Auto-culpa: como você responde quando as coisas dão errado?

A auto-culpa pode ser benéfica, mas também pode ser destrutiva.

Você é uma daquelas pessoas que, quando as coisas dão errado, você se culpa?

Kim estava conversando com uma cliente quando percebeu que precisava sair do trabalho e buscar sua filha na escola. Quando ela saiu, as ruas estavam entupidas de passageiros e ela estava 20 minutos atrasada. Ela se culpou por atender a ligação, por deixar passar o tempo e por não tentar encontrar uma rota alternativa para a escola.

Ronald estava em um terrível acidente de carro causado por um motorista bêbado que estava em alta velocidade e passou um sinal vermelho. Durante sua hospitalização e recuperação, ele pensou no acidente e em como isso mudaria permanentemente sua vida. Ele acredita que ele deve ter feito algo errado e se culpa por sua situação (por exemplo, deveria ter dirigido em uma rua diferente, deveria ter se desviado do veículo que se aproximava, não deveria ter saído à noite).

Heather está em um casamento tumultuado há sete anos. Seu marido, Cole, trabalha longas horas. Ele tem muito estresse em seu trabalho e quer encontrar serenidade e conforto em casa. Recentemente, após o nascimento de seus gêmeos, Cole ficou tão zangado com o estado de sua casa e a preocupação de Heather com as crianças, que ele a atingiu em várias ocasiões. Heather acredita em Cole quando ele alega que é culpa dela que ele a agride porque ela dá mais atenção aos gêmeos do que a ele ou às suas responsabilidades domésticas.

Jogar o jogo da auto-culpa pode ser destrutivo. Embora a revisão de suas ações para determinar o que correu bem e o que deu errado possa ser altamente benéfica, ficar preso à “autochamada” tem o potencial de ser psicologicamente destrutivo. Não queremos dizer que as pessoas não devam reconhecer quando estão em falta. Quando você assume a responsabilidade por um erro ou por um erro de julgamento, pode

  • dar-lhe uma visão
  • fornecer um roteiro para ajudá-lo a rever como avançar
  • fazer com que você corrija um erro
  • Encorajo-vos a crescer

Auto-culpa é um processo completamente diferente, já que muitas vezes evolui para um traço – uma reação “automática” quando as coisas dão errado. Por exemplo, “Se eu tivesse …, isso não teria acontecido. É minha culpa.”

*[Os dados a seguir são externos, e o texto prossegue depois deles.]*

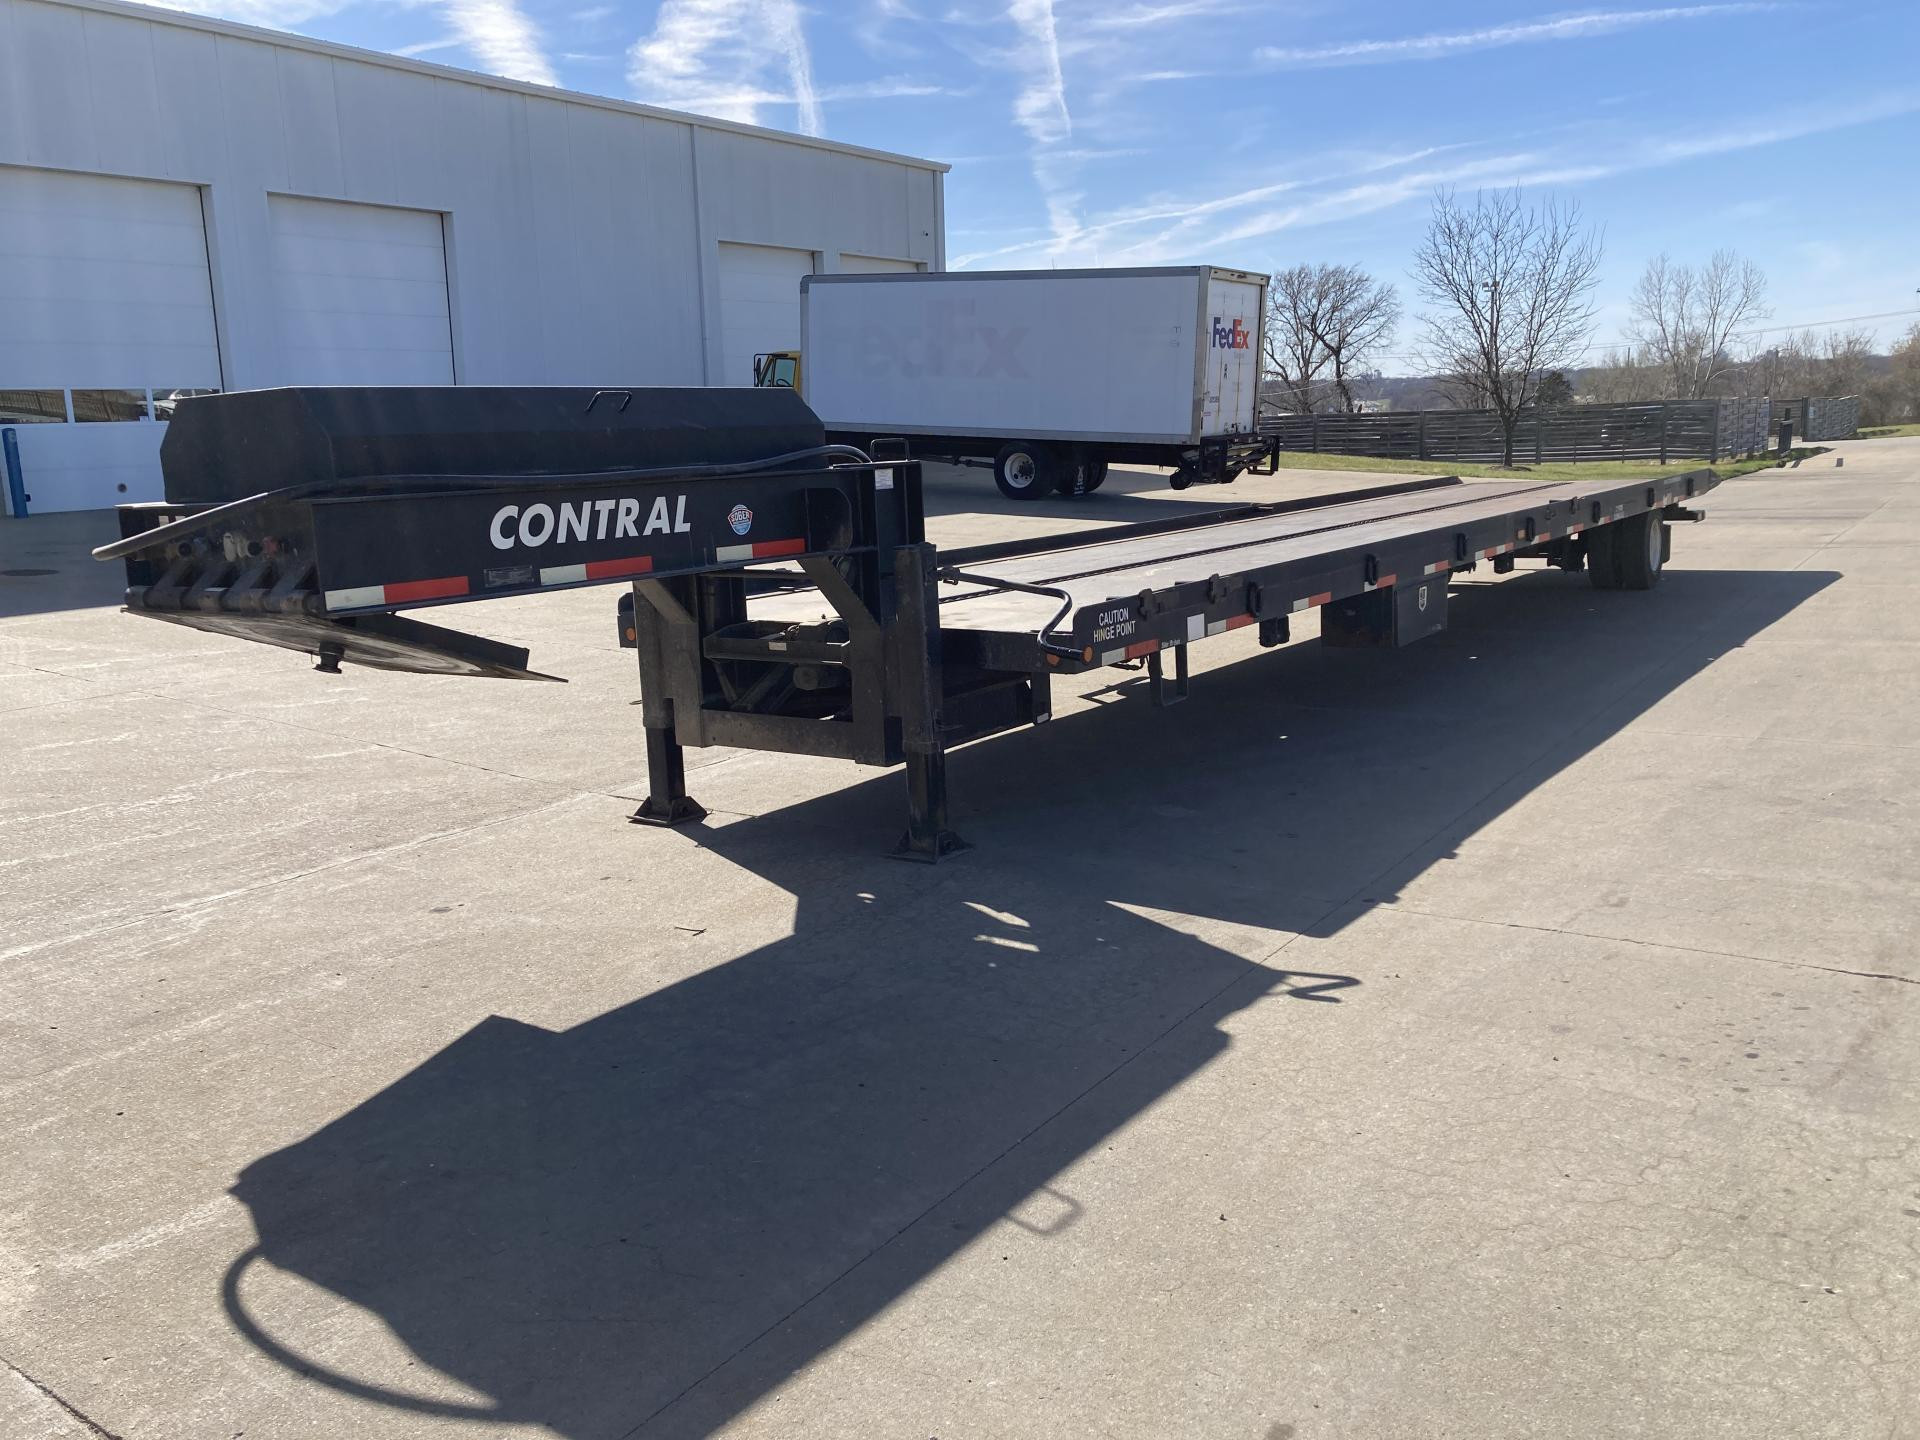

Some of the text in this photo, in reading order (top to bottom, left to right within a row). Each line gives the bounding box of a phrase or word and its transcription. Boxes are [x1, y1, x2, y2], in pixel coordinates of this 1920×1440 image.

[1212, 316, 1250, 349] FedEx
[489, 495, 691, 550] CONTRAL
[1099, 608, 1129, 626] CAUTION
[1093, 620, 1136, 643] HINGE POINT

Adivinhar-nos depois de termos experimentado uma situação negativa ou prejudicial é natural e comum. Isso é diferente de conduzir um post-mortem para descobrir o que deu errado e por que, para que possamos aprender e, com sorte, evitar a recorrência de tal evento. Isso pode ser psicologicamente adaptativo e pode diminuir sentimentos de desamparo.

A auto-culpa é diferente de reconhecer o próprio erro, que é um comportamento ético e socialmente apropriado. Entender e aceitar a responsabilidade nos ajuda a manter a integridade e a honestidade. Fazer isso fortalece nossa consciência moral. Além disso, ao anunciar publicamente a responsabilidade por um evento negativo, assumimos a chance de receber perdão público ou censura pública. Não fazer isso pode levar ao outro lado do jogo da culpa: culpar os outros por nossas falhas e ações erradas. Esse processo de “outras culpas” pode levar a um “chip nos ombros” ou um estilo de pensamento de “queixa”.

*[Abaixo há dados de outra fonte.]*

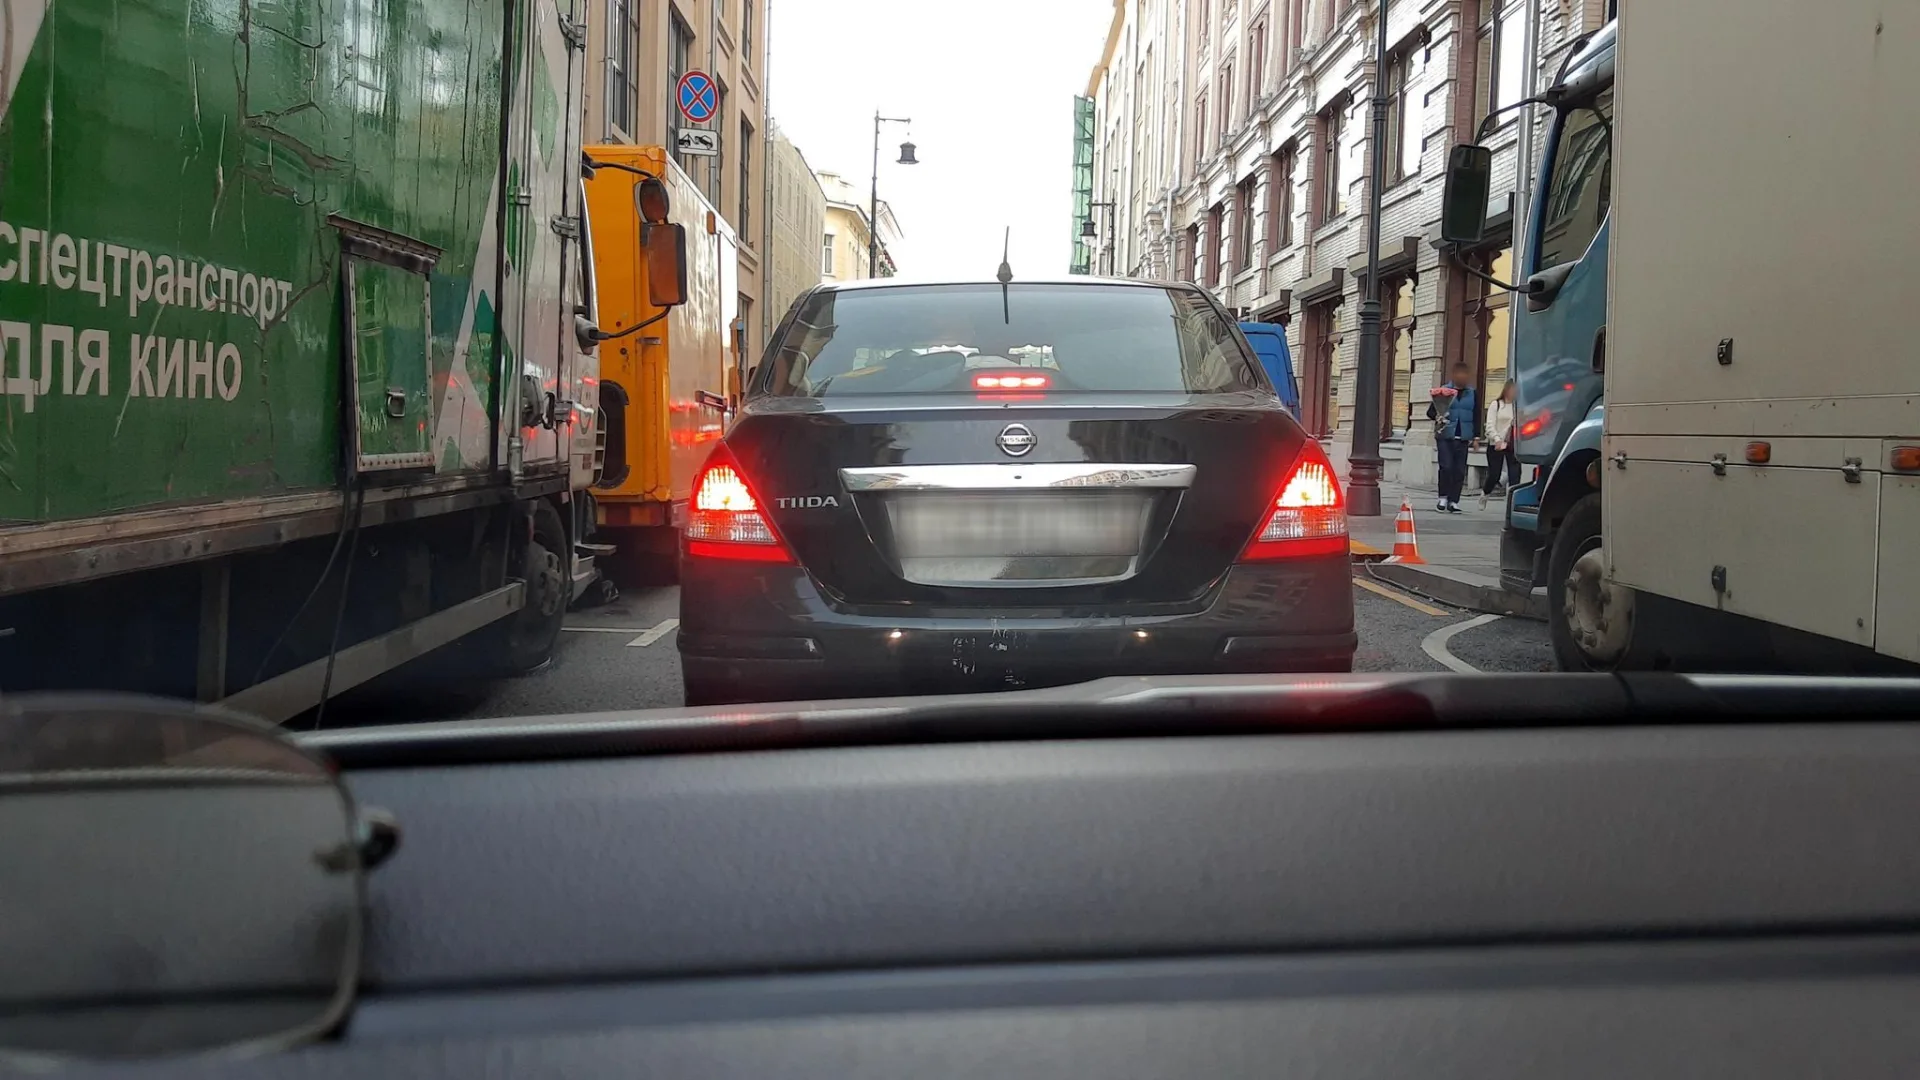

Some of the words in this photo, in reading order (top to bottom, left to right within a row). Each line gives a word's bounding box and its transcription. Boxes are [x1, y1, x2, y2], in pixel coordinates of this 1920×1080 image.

[0, 221, 293, 330] спецтранспорт
[130, 333, 243, 401] КИНО
[775, 495, 839, 509] TIIDA

Há uma diferença importante entre aceitar a auto-culpa quando as circunstâncias o apóiam e mantê-la limitada no tempo versus situações em que a autoculpabilidade não parece racional ou justificável, ou o indivíduo, por reflexo, não assume a culpa sempre que as coisas dão errado. Pesquisadores sugerem que existem vários grupos de indivíduos que podem erroneamente se envolver na auto-responsabilização por eventos negativos. Esses incluem

  • Pessoas que sofrem de problemas obsessivos. Eles podem ter preconceitos gerais sobre sua responsabilidade – mantendo crenças de que não devem causar danos, assim como devem evitar que o dano ocorra. Consequentemente, a fim de evitar a censura, eles são muito cuidadosos e diligentes, e tendem a se engajar em vários comportamentos hipervigilantes destinados a prevenir danos previsíveis. Eles são tão obsessivos em seus pensamentos e comportamentos que seus medos se tornam irresistíveis.
  • Indivíduos que foram abusados ​​sexualmente quando crianças. Eles podem ter incorporado o sistema de crenças de que eles eram responsáveis ​​pelo comportamento ofensor do agressor e são incapazes de reconhecer que eles foram a vítima manipulada pelo agressor sexual.
  • Indivíduos sexualmente ou fisicamente abusados. Algumas pessoas podem atribuir a responsabilidade pelo ataque ao seu caráter (por exemplo, “eu sou fraco”. “Eu mereço punição”) ou ao seu comportamento (por exemplo, “eu bebi demais”. “Eu não lutei muito suficiente.”). Essas “falhas” percebidas podem impedir uma visão mais realista do evento e da recuperação.
  • Pessoas que sofrem de depressão. Quando os indivíduos estão deprimidos, eles podem se sentir inadequados e culpados; eles tendem a se culpar por seus fracassos. A auto-culpa pode levar a sentimentos de desamparo e desesperança que alimentam o ciclo de autocensura e depressão.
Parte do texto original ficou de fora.